Anguilla golf sparkles in Caribbean

CuisinArt's lush first hole looks across Caribbean to rugged outline of nearby St. Maarten

CuisinArt’s lush first hole looks across Caribbean to rugged outline of nearby St. Maarten

Like the island it sits on, Anguilla’s only golf course is a quiet gentle beauty.

Standing on the teebox of CuisinArt Golf Resort’s first hole, an inviting wide-open downhill par-four, you can see the rugged hills of St. Maarten and the brilliant ribbon of azure Caribbean Sea that separates these two enticing destination islands.

The best views on this Greg Norman design tend to come on some front-nine holes that also happen to be exhilarating downhill experiences. Even the par-five sixth, which plays at 603 yards from the tips and 553 yards from the 6,243-yard middle (silver) tees, drops nicely to keep its length reasonable for an island vacation.

But make no mistake. CuisinArt, which can stretch to 7,063 yards (and a rating/slope of 75.6/134), can be an excellent test as well as a sensory delight. The silver tees (71.4/130) may be loads of fun on a balmy day. But let the wind come up, as it can do, and the story can become very different.

The fairways tend to be generous. But the bunkering around greens tends to be ominous. And on the rigorous 18th, an excellent finishing hole, the sand guarding the narrow green combines with a mangrove thicket on the right to create a major ball-striking test.

Luxurious villas overlook CuisinArt Golf Resort & Spa course

Luxurious villas overlook CuisinArt Golf Resort & Spa course

CuisinArt, which opened in 2006 as Temenos Golf Club, has had a stormy ride as a result of the world-wide real estate turmoil, which torpedoed an ambitious villa-sale plan. Most recently, it has been revived and incorporated into the adjacent CuisinArt Resort, a high-end gourmet spa that grows its own hydroponic food.

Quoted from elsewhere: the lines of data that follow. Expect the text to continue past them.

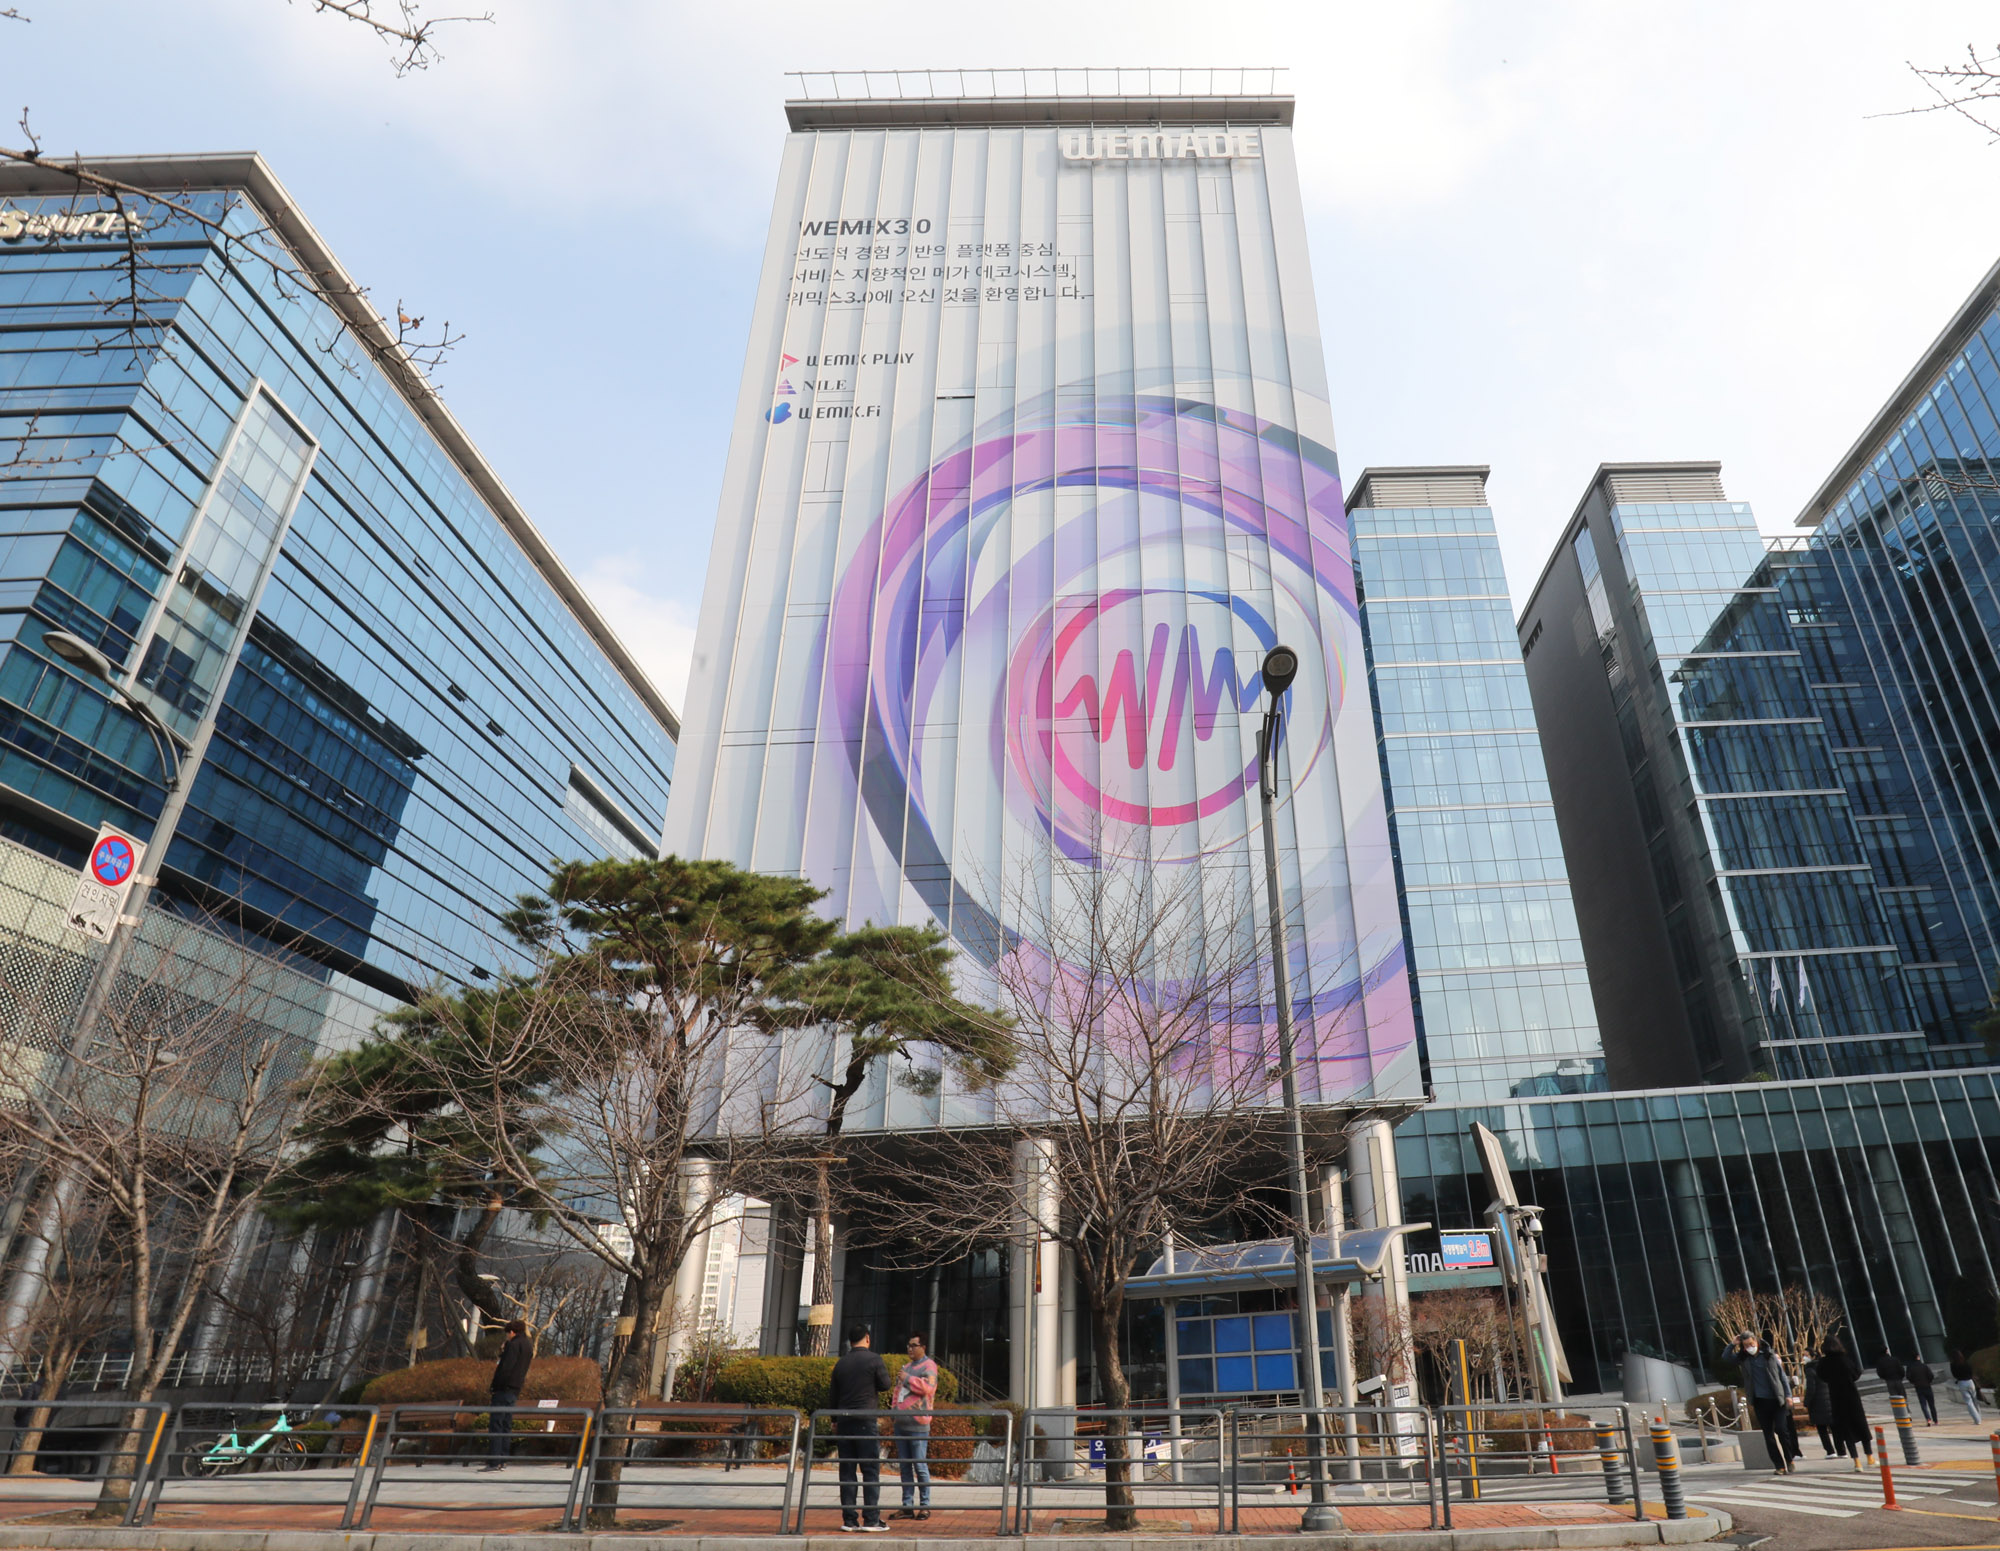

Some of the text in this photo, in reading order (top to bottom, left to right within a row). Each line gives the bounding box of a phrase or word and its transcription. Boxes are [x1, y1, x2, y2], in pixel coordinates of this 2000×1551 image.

[1062, 132, 1261, 160] WEMADE
[793, 246, 848, 262] 선도적
[855, 245, 890, 260] 경험
[957, 243, 1012, 258] 플랫폼
[789, 268, 845, 283] 서비스
[851, 266, 926, 282] 지향적인
[933, 265, 970, 280] 메가
[785, 286, 1086, 306] 위믹스3.0에 오신 것을 환영합니다.
[806, 353, 915, 367] WEMIX PLAY
[802, 380, 847, 391] NILE
[799, 405, 881, 420] WEMIX.Fi
[81, 884, 117, 909] 견인지역

The course was purchased at auction in 2011 by Leandro Rizutto, owner of Conair Corp, which manufactures hair dryer and other appliances. Conair is the parent company of kitchen appliance-maker CuisinArt.

The resulting CuisinArt Golf Resort & Spa is a true destination. It features sandy white beaches and exotic pristine villas as well as luxury spa and dining options. It is even adjacent to the Dune Preserve Beach Bar, an open-air club owned by musician Bankie Banx, an Anguillan Bob Dylan. Riffs from the Dunes Club, home to perhaps the best music on the island, can be heard on a few holes.

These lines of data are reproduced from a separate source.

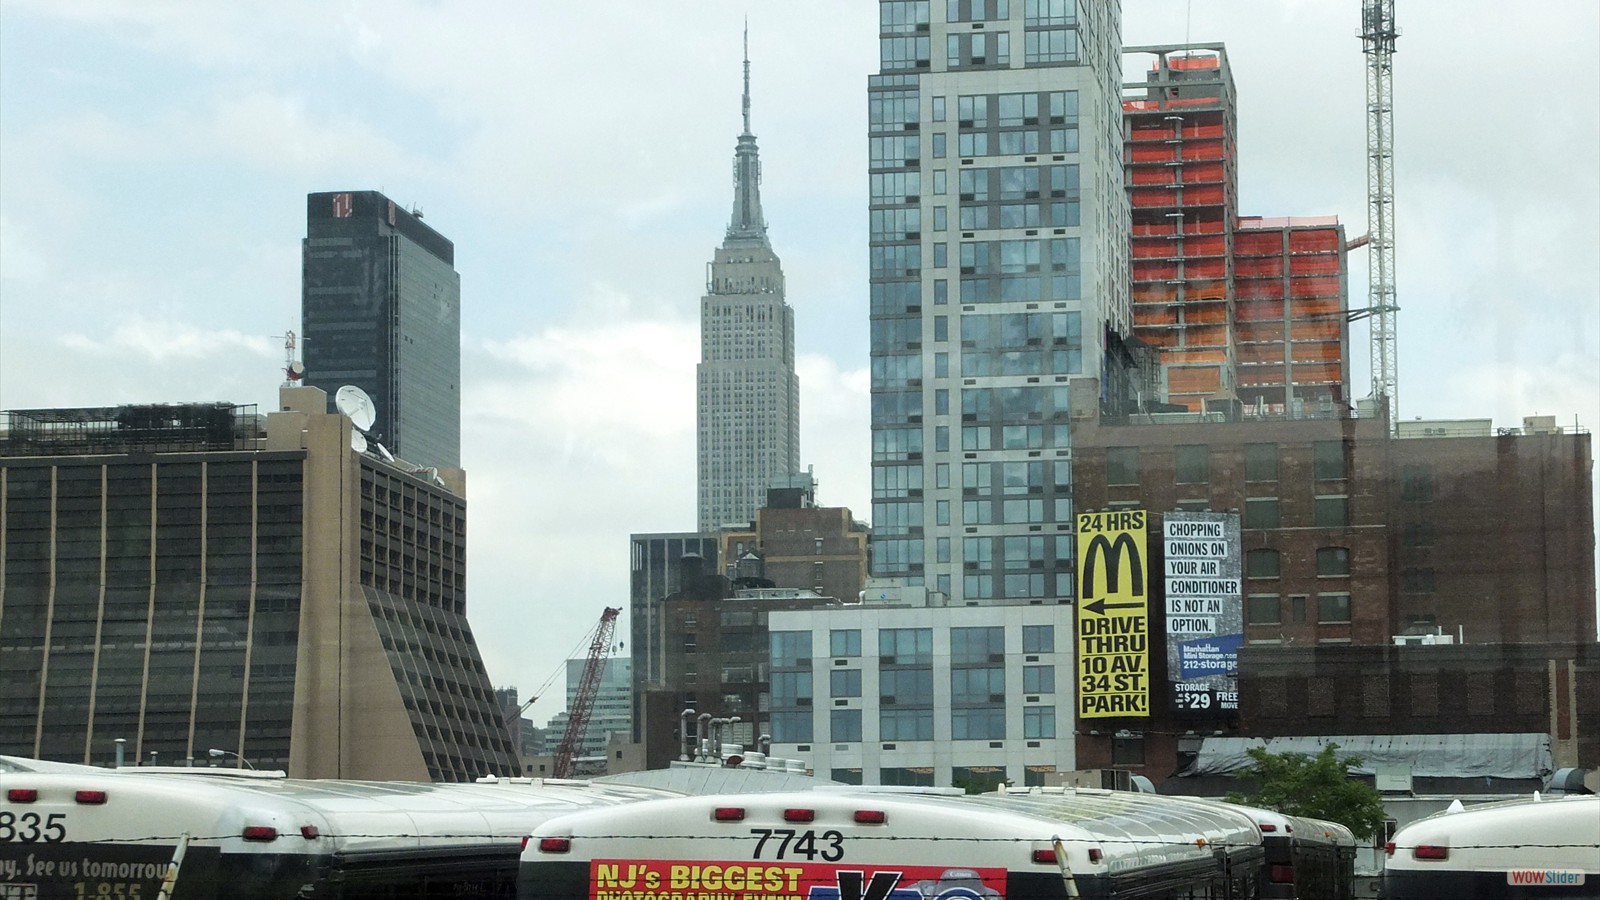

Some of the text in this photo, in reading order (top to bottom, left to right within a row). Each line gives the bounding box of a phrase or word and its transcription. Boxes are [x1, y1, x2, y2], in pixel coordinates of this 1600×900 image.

[1080, 511, 1144, 533] 24 HRS
[1169, 523, 1221, 537] CHOPPING
[1170, 542, 1225, 556] ONIONS ON
[1170, 561, 1217, 575] YOUR AIR
[1171, 580, 1238, 594] CONDITIONER
[1171, 599, 1220, 613] IS NOT AN
[1081, 616, 1146, 636] DRIVE
[1172, 618, 1212, 632] OPTION.
[1081, 634, 1146, 654] THRU
[1183, 643, 1220, 652] Manhattan
[1183, 652, 1198, 660] Mini
[1082, 655, 1146, 674] 10 AV.
[1082, 673, 1146, 693] 34 ST.
[1175, 683, 1210, 692] STORAGE
[1184, 692, 1211, 709] $29
[1216, 691, 1239, 702] FREE
[1082, 694, 1147, 714] PARK!
[1221, 701, 1239, 709] MOVE
[750, 828, 845, 862] 7743
[26, 853, 56, 877] See
[59, 861, 78, 877] us
[597, 864, 660, 889] NJ's
[669, 865, 804, 892] BIGGEST
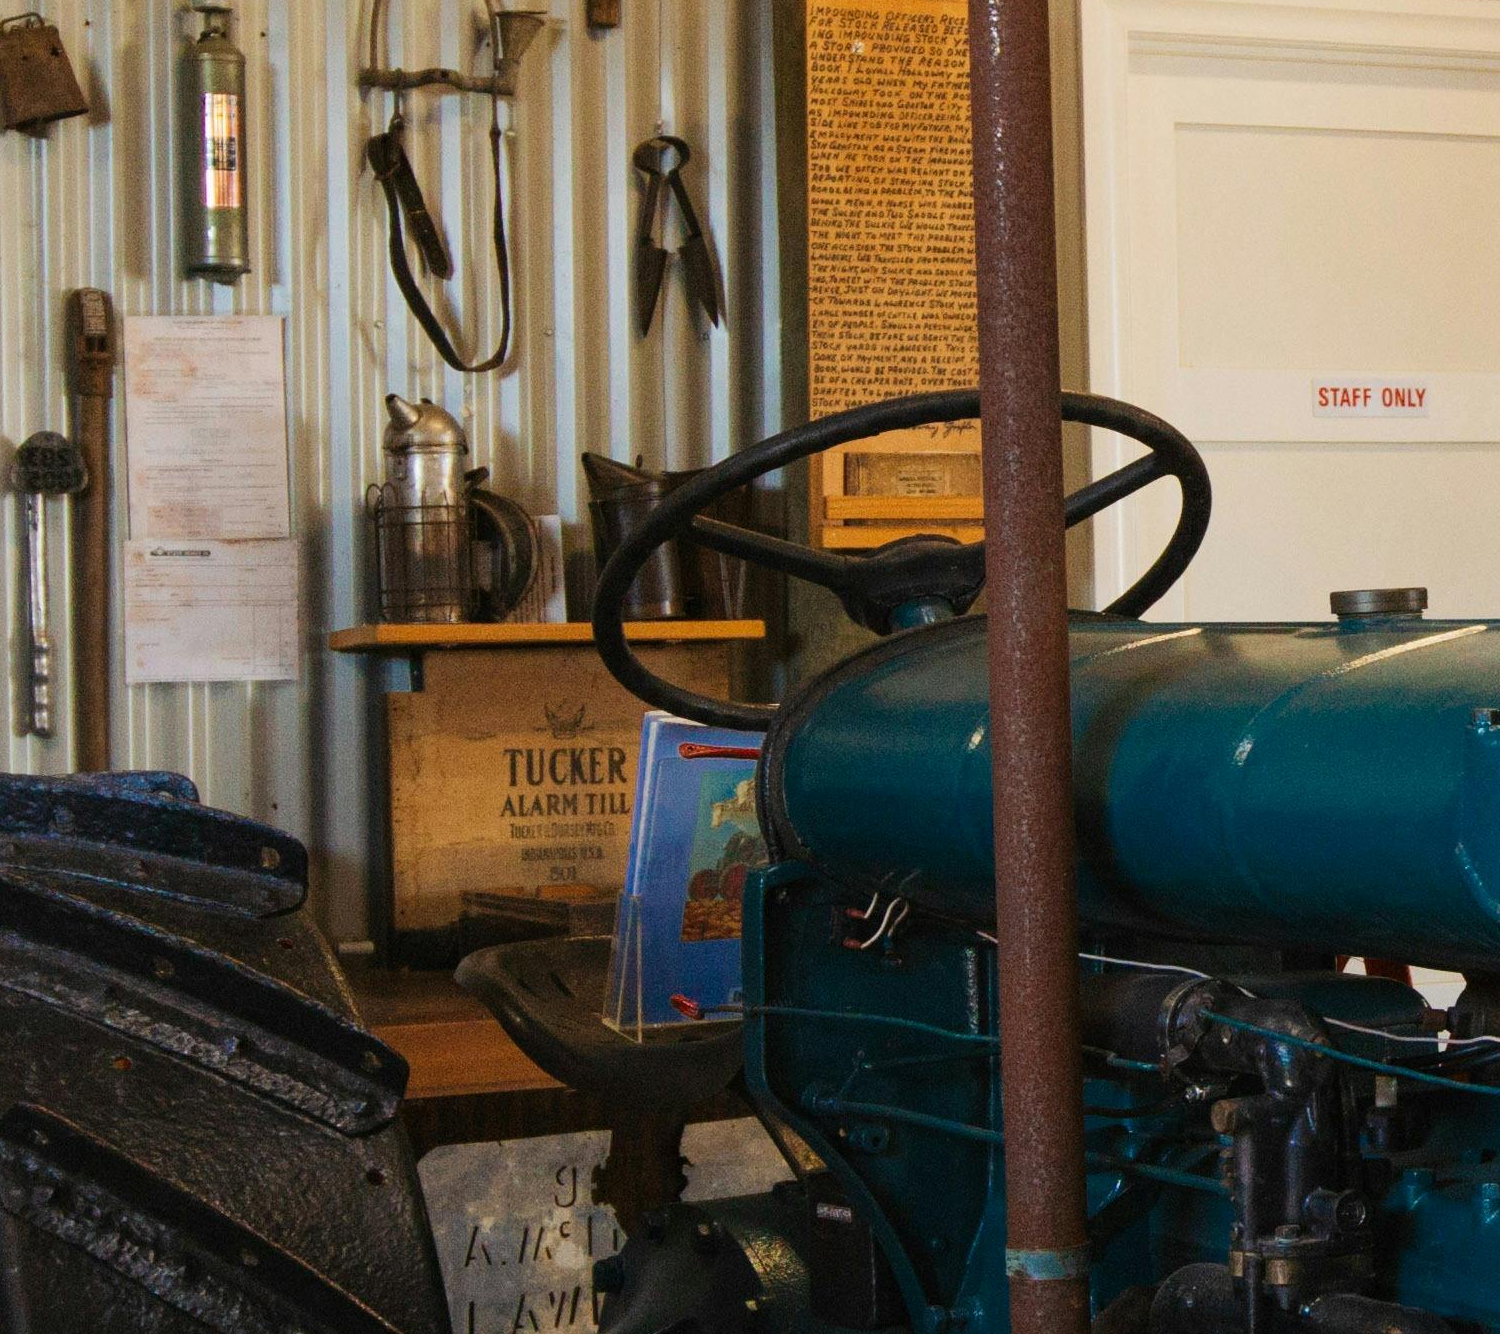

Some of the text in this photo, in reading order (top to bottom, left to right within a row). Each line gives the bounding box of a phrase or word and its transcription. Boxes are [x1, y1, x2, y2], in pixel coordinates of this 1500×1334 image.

[810, 5, 879, 19] IMPOUNDING
[809, 16, 937, 33] FOR STOCK RELEASED
[812, 28, 947, 44] ING IMPOUNDING STOCK
[871, 43, 925, 54] PROVIDED
[929, 46, 942, 56] SO
[810, 52, 965, 68] UNDERSTAND THE REASON
[811, 61, 842, 73] BOOK
[1317, 387, 1428, 409] STAFF ONLY
[502, 746, 628, 787] TUCKER
[500, 792, 631, 817] ALARM TILL

The golf course has some splendid views of the Caribbean and St. Maarten, which is a 20-minute ferry ride away and has the area’s major airport. Thanks to some extensive stonework, construction costs reportedly were a staggering $50 million.

Although it overlooks Rendezvous Bay, the CuisinArt golf course has no seaside holes. Its water hazards are generated mainly by the Merrywing Salt Pond.

A pond, bunkers and a mangrove thicket make uphill 18th hole a perilous climb to the clubhouse

A pond, bunkers and a mangrove thicket make uphill 18th hole a perilous climb to the clubhouse

One of the charms of the course is that it is uncrowded. Anguilla, which is remote and has only one course, is not a golf destination. In a measure of how highly regarded it is, the course has been chosen to host the 2016 Great Golf Resorts of the World annual meeting.

Until its reputation grows, and its tee-time sheet fills, CuisinArt offers golfers the feeling they’re playing on their own private course. That includes a beautiful upscale clubhouse, notable food and beverage.

Greens fees, which are $225 for resort guests (and $270 others), drop to $145 for resort guests and $170 for others at noon. Rental sets, which include top-notch Titleist and Callaway clubs, are $60.

During our round, we saw only a few other groups. Because a twosome was teeing off on No. 1 right before us, we were directed to the 10th tee.

No. 10, a tight-and-watery par five, shares a 16,000 square-foot double green—and a lovely view of St. Maarten—with the second hole.

Competing with the natural scenic beauty of the course are some rows of all-white villas, which have a modern but Middle Eastern aura about them.

While CuisinArt offers a marvelous resort golfing experience, it’s best considered in the context of an Anguilla vacation. That would include a remarkable array of fine dining on this 35-square-mile island, which has a population of about 15,000 and beach after pristine beach.

For all its charms, Anguilla, a three-hour plane ride from Miami, is likely to remain a remote getaway destination. One golf course that does not have seaside holes is not a comprehensive lure.

But when added to gorgeous weather and remarkable food alongside world-famous beaches, the CuisinArt adds to the allure of Anguilla.